[Your task]
Any image in the records is to be skipped; everything else should be reproduced exactly.

[Input for this task]
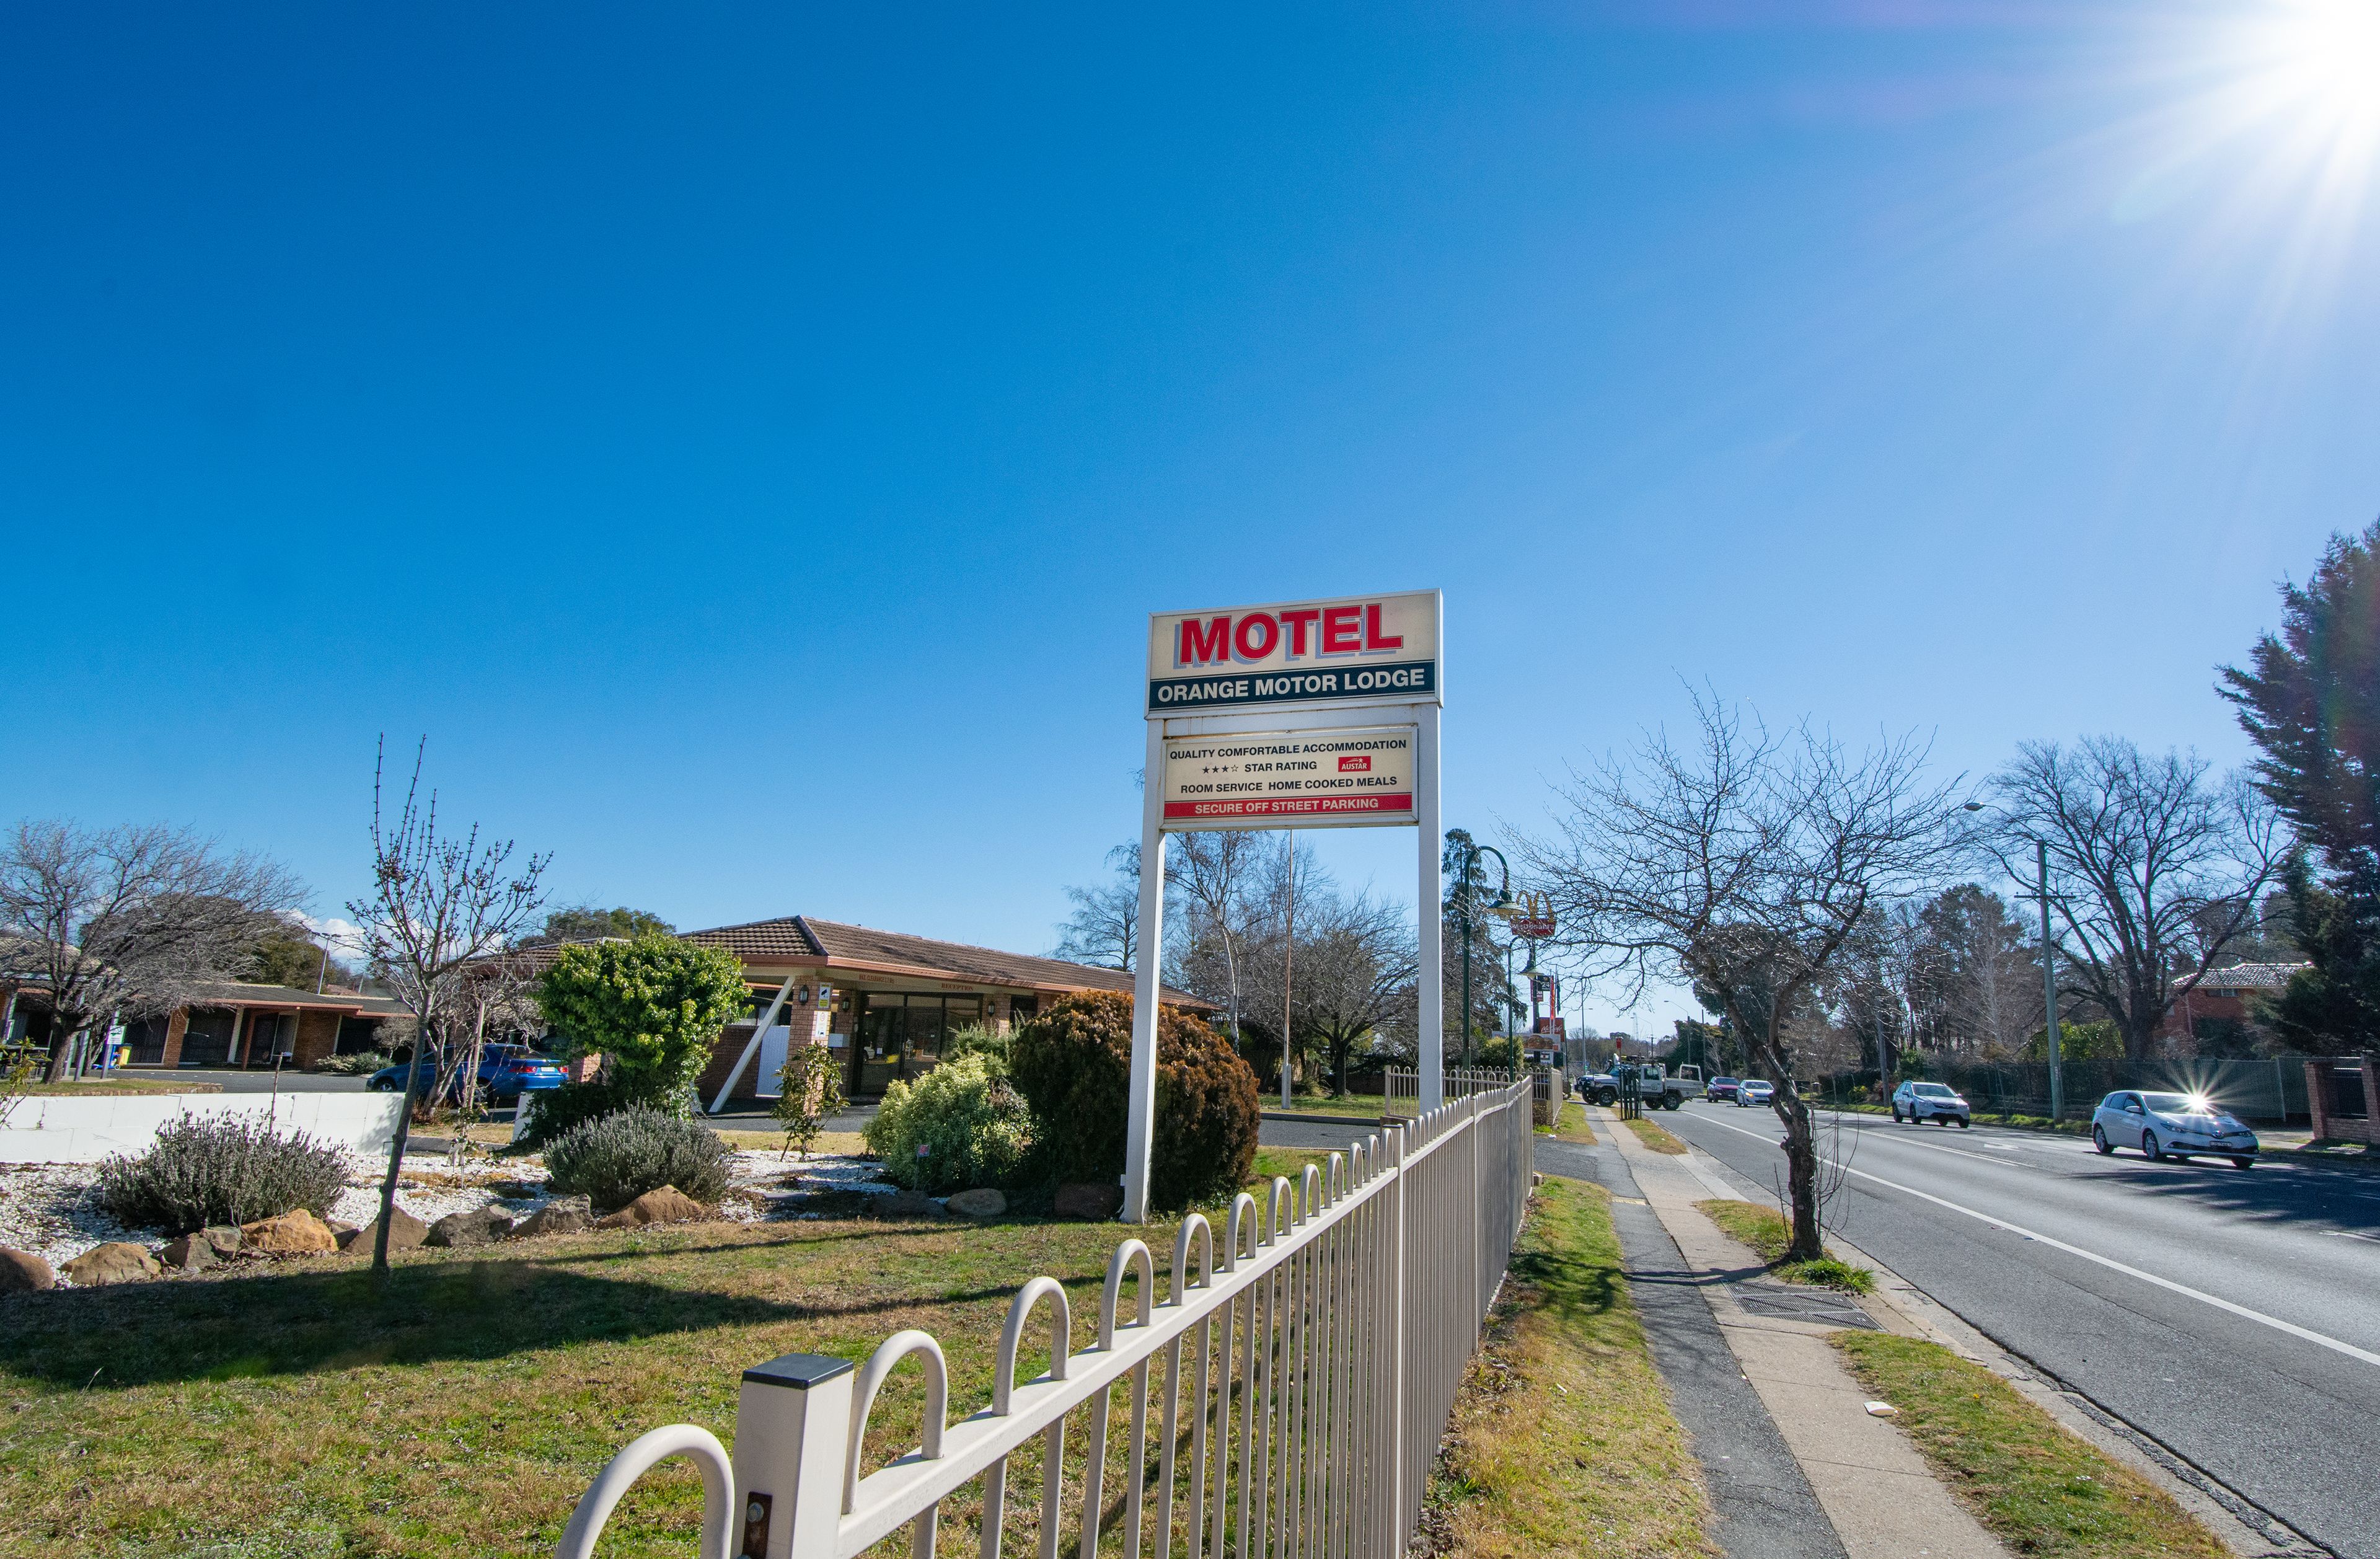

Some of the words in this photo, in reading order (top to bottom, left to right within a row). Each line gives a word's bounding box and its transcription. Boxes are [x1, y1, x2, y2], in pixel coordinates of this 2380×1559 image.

[1179, 603, 1404, 666] MOTEL
[1157, 680, 1249, 702] ORANGE
[1254, 674, 1337, 696] MOTOR
[1344, 668, 1426, 690] LODGE
[1170, 749, 1215, 760] QUALITY
[1217, 744, 1300, 757] COMFORTABLE
[1302, 740, 1407, 753] ACCOMMODATION
[1244, 763, 1273, 772] STAR
[1276, 761, 1318, 771] RATING
[1180, 784, 1214, 793] ROOM
[1215, 782, 1263, 793] SERVICE
[1268, 780, 1302, 790] HOME
[1305, 779, 1354, 789] COOKED
[1356, 776, 1398, 787] MEALS
[1194, 803, 1243, 815] SECURE
[1245, 802, 1269, 813] OFF
[1271, 800, 1320, 812] STREET
[1322, 798, 1379, 810] PARKING
[941, 983, 973, 991] RECEPTION

[Response to this exercise]
Some of the words in this photo, in reading order (top to bottom, left to right within a row). Each line gives a word's bounding box and its transcription. Boxes are [x1, y1, x2, y2], in pixel coordinates of this 2380×1559 image.

[1179, 603, 1404, 666] MOTEL
[1157, 680, 1249, 702] ORANGE
[1254, 674, 1337, 696] MOTOR
[1344, 668, 1426, 690] LODGE
[1170, 749, 1215, 760] QUALITY
[1217, 744, 1300, 757] COMFORTABLE
[1302, 740, 1407, 753] ACCOMMODATION
[1244, 763, 1273, 772] STAR
[1276, 761, 1318, 771] RATING
[1180, 784, 1214, 793] ROOM
[1215, 782, 1263, 793] SERVICE
[1268, 780, 1302, 790] HOME
[1305, 779, 1354, 789] COOKED
[1356, 776, 1398, 787] MEALS
[1194, 803, 1243, 815] SECURE
[1245, 802, 1269, 813] OFF
[1271, 800, 1320, 812] STREET
[1322, 798, 1379, 810] PARKING
[941, 983, 973, 991] RECEPTION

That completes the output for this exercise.